===== Material for this task =====

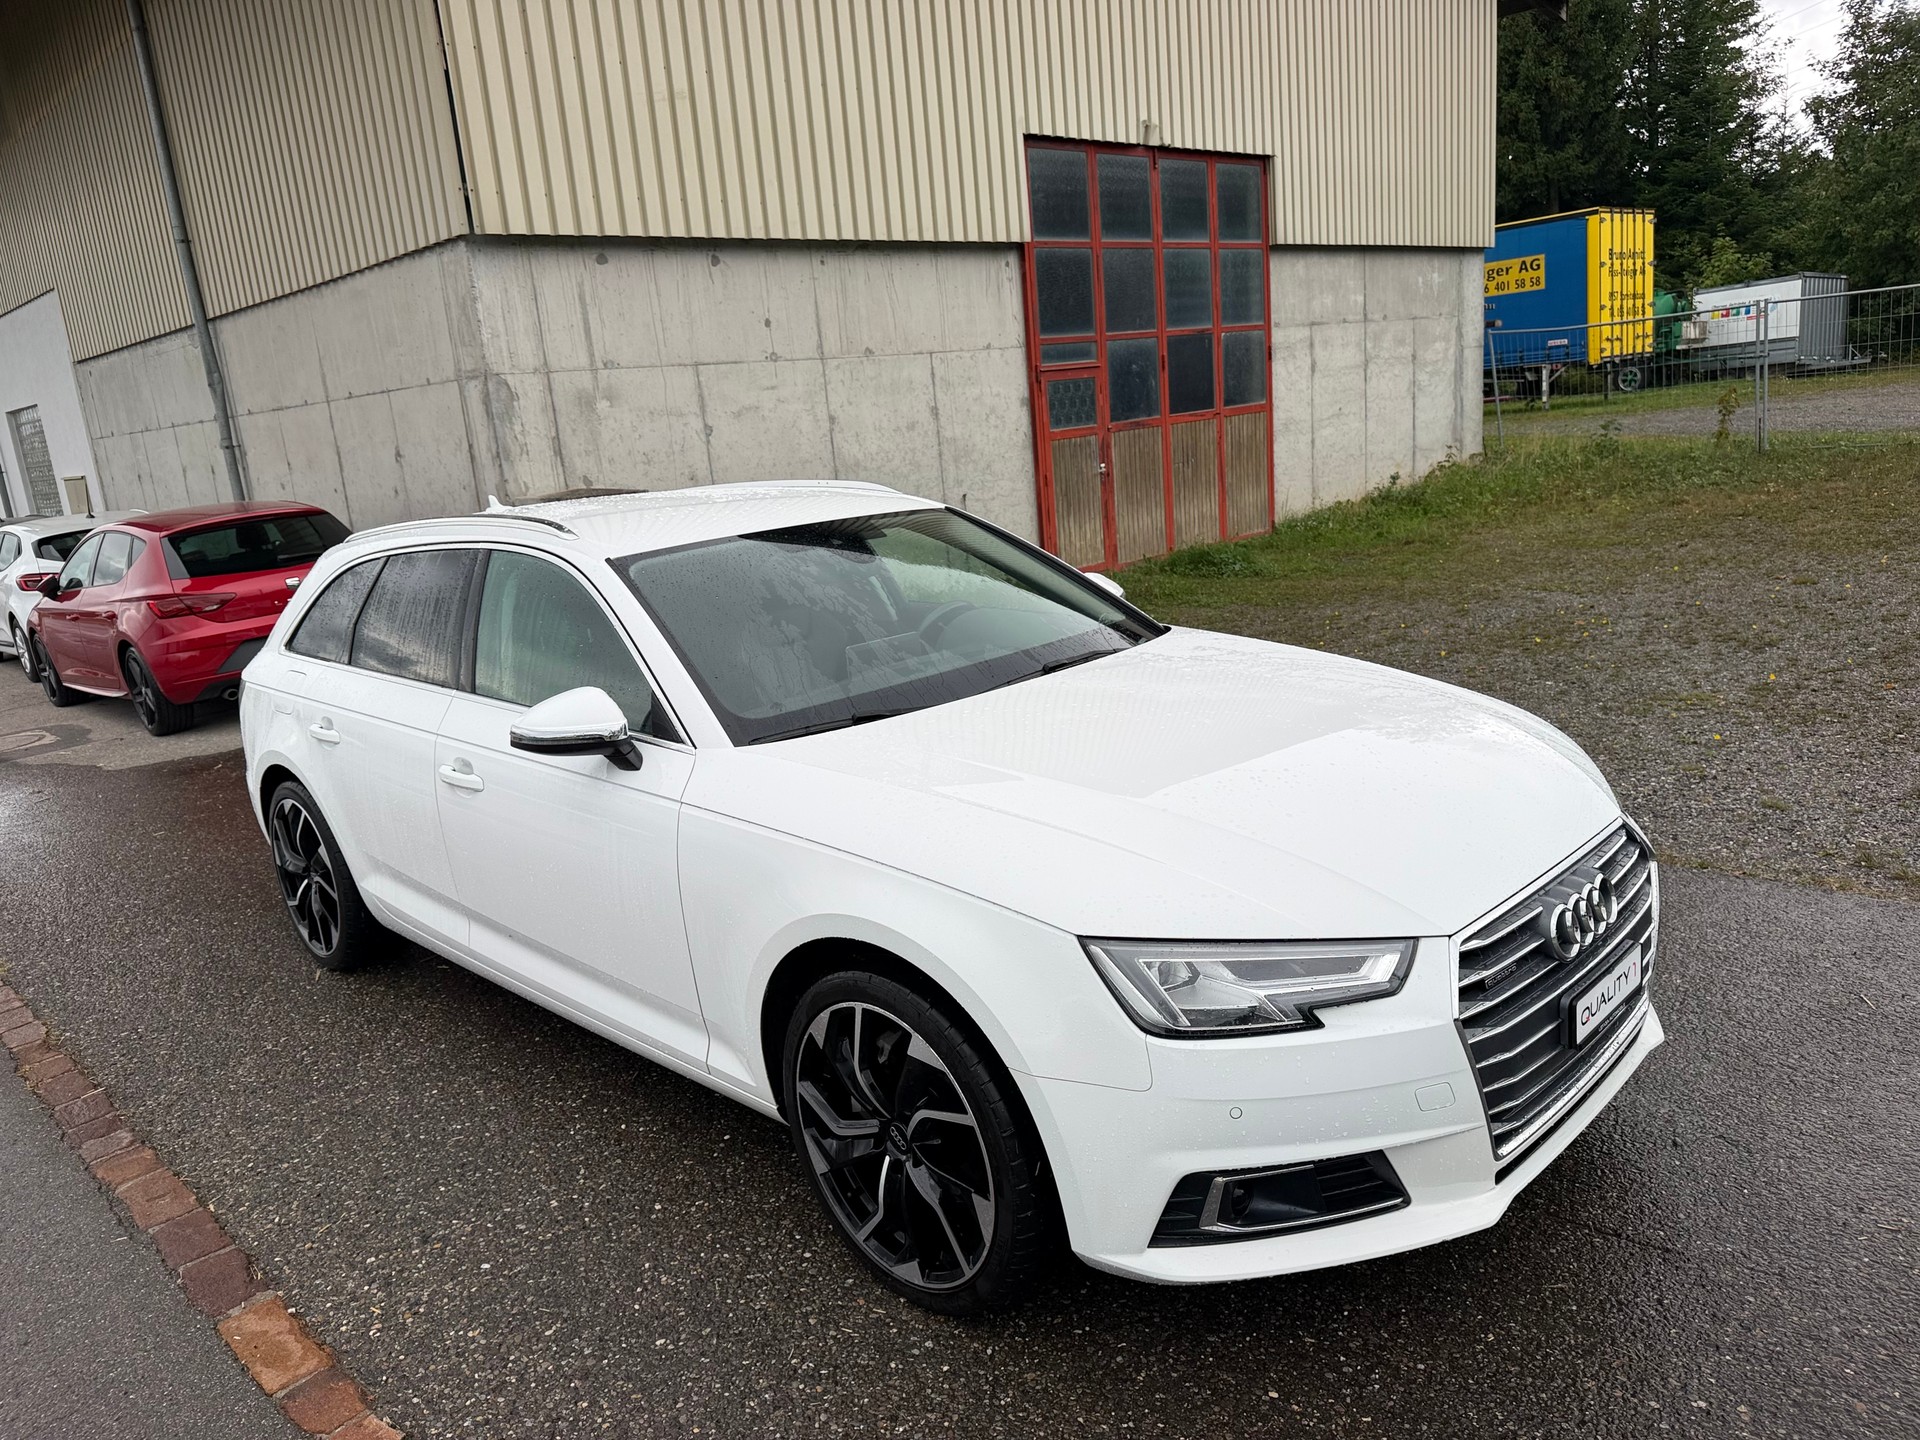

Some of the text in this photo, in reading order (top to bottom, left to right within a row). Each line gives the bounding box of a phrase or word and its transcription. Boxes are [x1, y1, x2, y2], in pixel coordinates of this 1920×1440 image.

[1484, 258, 1541, 282] ger AG
[1494, 280, 1510, 292] 401
[1515, 278, 1526, 290] 58
[1530, 276, 1541, 287] 58
[1581, 966, 1631, 1026] QUALITY
[1632, 961, 1638, 977] 1
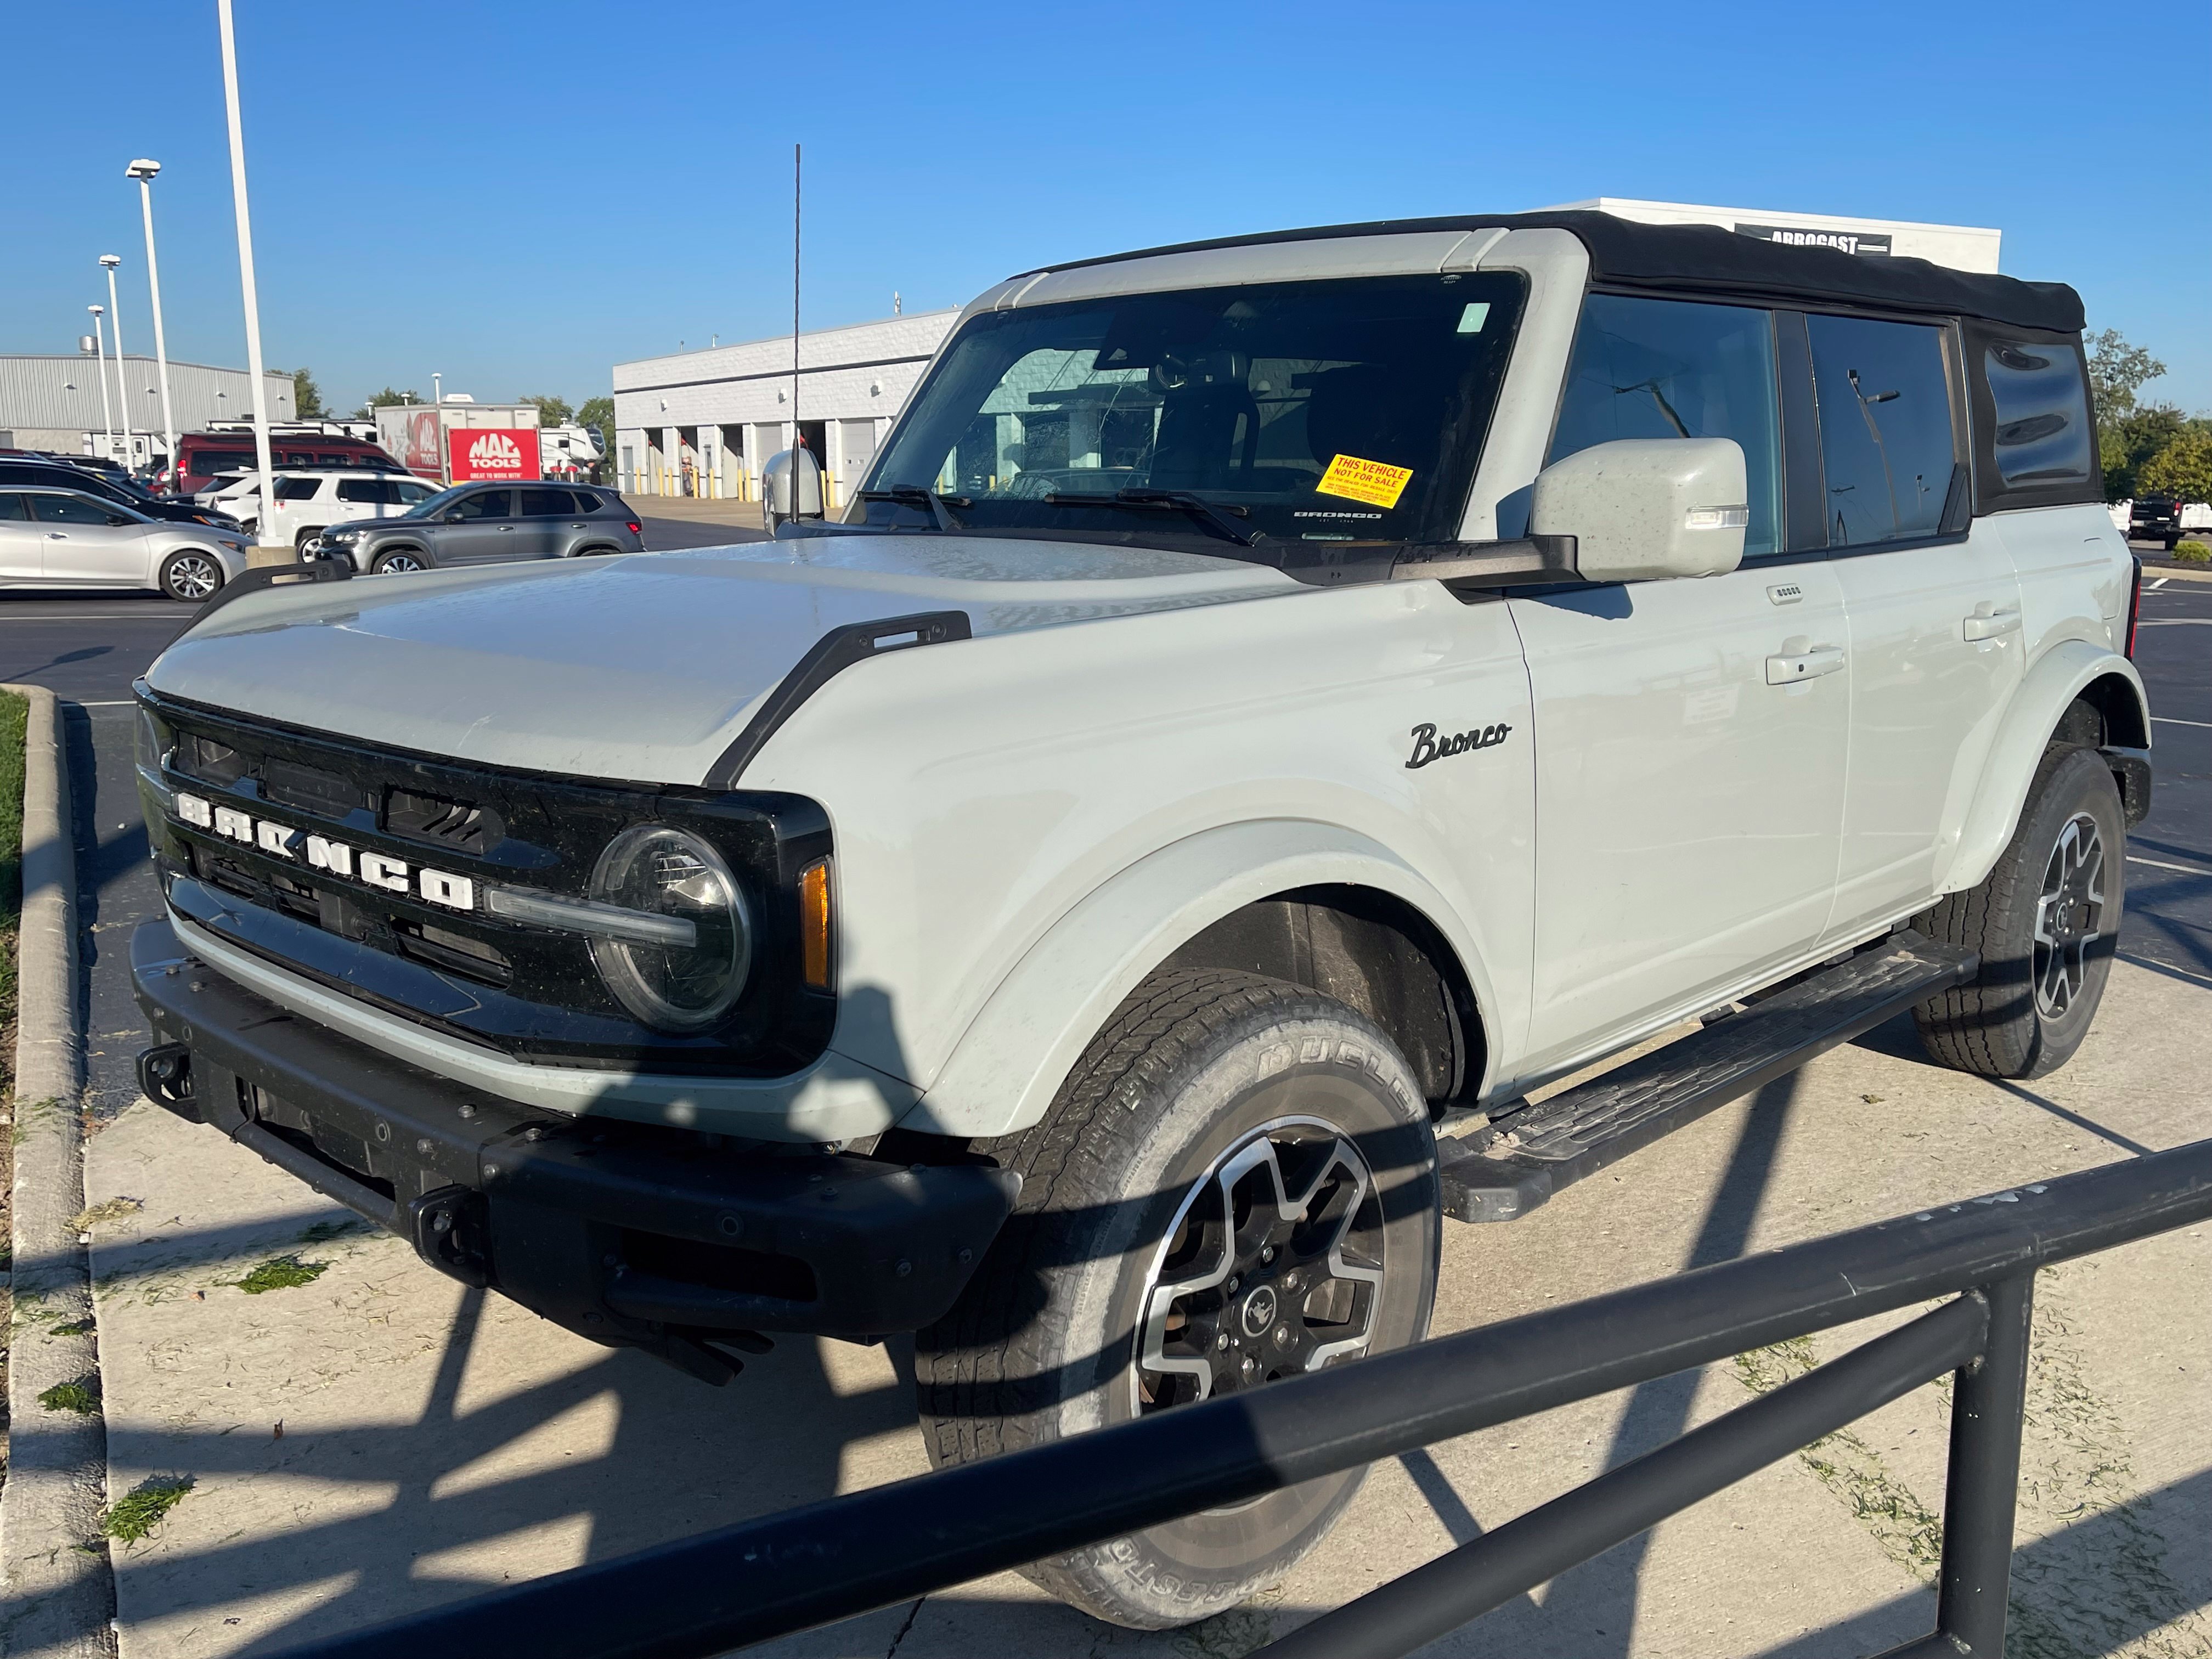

=====

| Description of the task |
Restate the entries above word for word, keeping pictures out of the copy.

| Reply to the task |
Some of the text in this photo, in reading order (top to bottom, left to right within a row). Each line gives the bounding box of a phrase or word and its transcription. Boxes are [x1, y1, x2, y2], in pixel coordinates of this 1920×1440 image.

[1484, 258, 1541, 282] ger AG
[1494, 280, 1510, 292] 401
[1515, 278, 1526, 290] 58
[1530, 276, 1541, 287] 58
[1581, 966, 1631, 1026] QUALITY
[1632, 961, 1638, 977] 1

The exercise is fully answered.